Be Accurate With Those Performance Reviews!


A recent case reminds employers that performance reviews are compelling evidence – both positively and negatively – in employment discrimination cases.

In Cowgill v. First Data Tech., Inc., the call center employee had back issues for which she required leave under the Family and Medical Leave Act and the Americans with Disabilities Act. During her nine years of employment, she routinely received above-average performance reviews. However, she was terminated following two customer call issues. She then filed suit, alleging disability discrimination, among other things.

In order to bring a claim of disability discrimination, an employee must establish that (1) she was disabled; (2) she was discharged; (3) she was fulfilling the employer’s legitimate expectations when discharged; and (4) the circumstances of the discharge suggests unlawful discrimination. The trial court threw out her lawsuit, finding among other things that she had not met the employer’s legitimate expectations.

On appeal, however, the U.S. Court of Appeals for the Fourth Circuit reversed the trial court’s ruling, stating, “If an employer genuinely believed that one of its employees was performing poorly on metrics the employer perceives as important (as First Data claims here), it seems unlikely that it would rate the employee’s performance highly.” Based on these evaluations, as well as some other factual disputes, the Fourth Circuit found that a reasonable factfinder could conclude that the employee had been subjected to disability discrimination.

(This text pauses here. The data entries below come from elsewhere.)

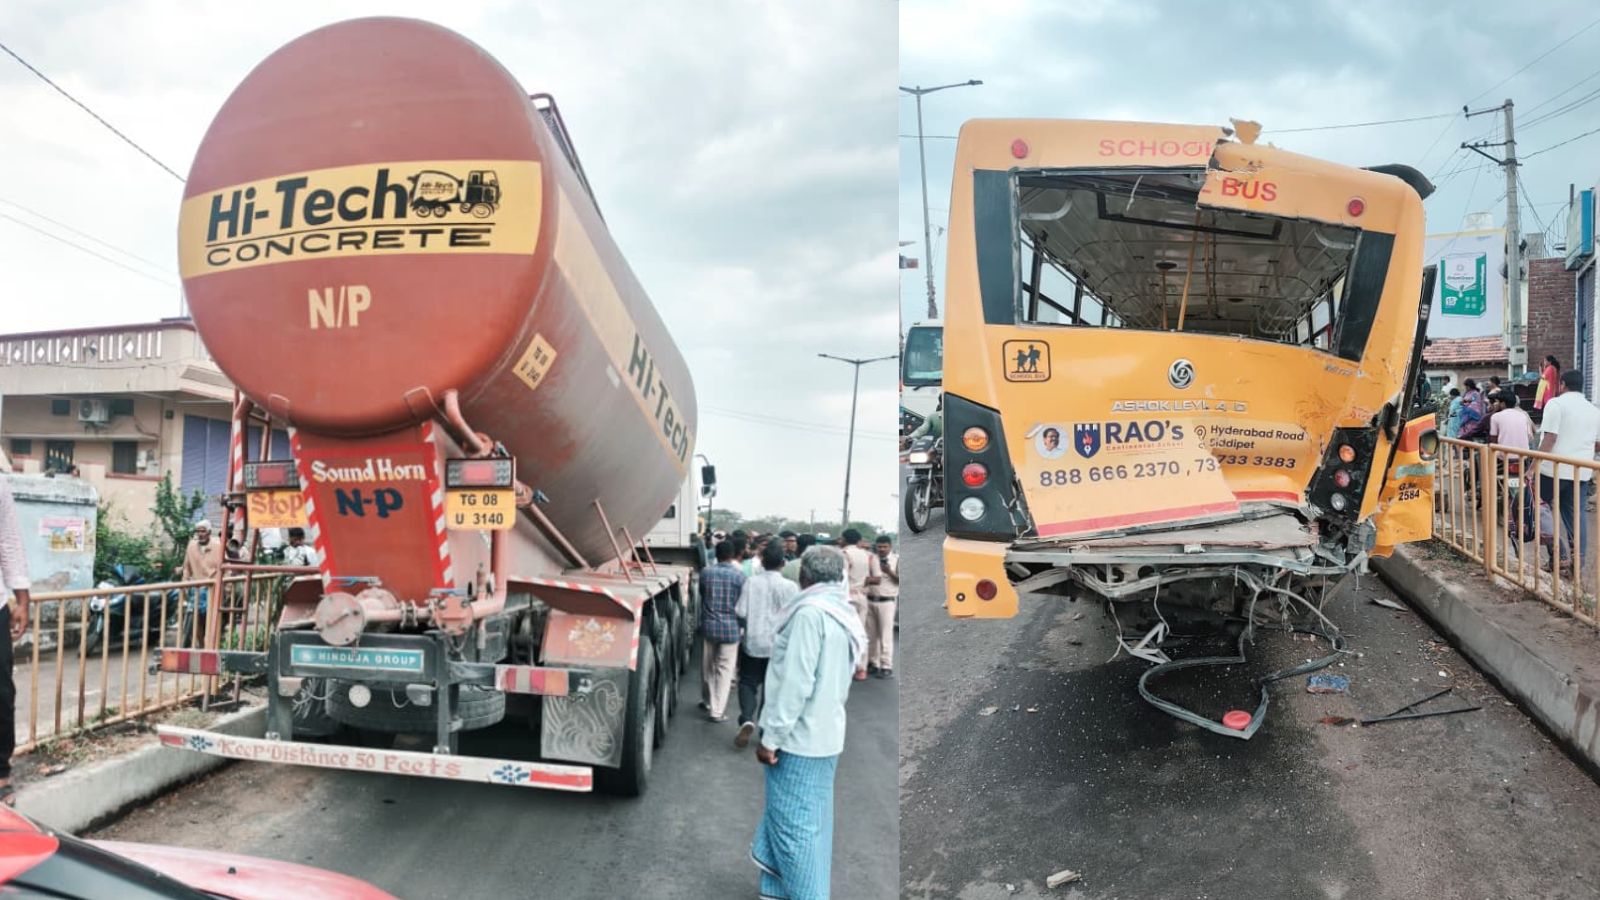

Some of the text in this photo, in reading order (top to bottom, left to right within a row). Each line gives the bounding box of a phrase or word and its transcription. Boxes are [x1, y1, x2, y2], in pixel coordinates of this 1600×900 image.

[1222, 176, 1277, 201] BUS
[207, 168, 409, 242] Hi-Tech
[207, 227, 493, 267] CONCRETE
[308, 284, 372, 329] N/P
[1112, 400, 1170, 411] ASHOK
[1105, 420, 1184, 444] RAO's
[1210, 425, 1305, 441] Hyderabad Road
[1210, 438, 1255, 450] Siddipet
[311, 458, 426, 482] Sound Horn
[1040, 468, 1082, 487] 888
[1089, 465, 1128, 482] 666
[1133, 461, 1180, 478] 2370
[1253, 457, 1296, 469] 3383
[251, 492, 303, 518] Stop
[459, 493, 498, 506] TG 08
[456, 513, 504, 525] U 3140
[375, 655, 416, 665] GROUP
[266, 746, 349, 766] Distance
[355, 754, 376, 769] 50

So the lesson here is that managers need to ensure that performance reviews accurately reflect the employee’s actual performance. Many times managers don’t take the time to complete these carefully, or prefer to avoid the hard task of dealing with an employee’s performance concerns. Those evaluations can certain come back to bite the employer, as was the case here. Conversely, a well-considered and thoughtful series of performance evaluations that note continuing performance issues can be powerful evidence to counteract an employee’s assertions of excellent – or even adequate – performance.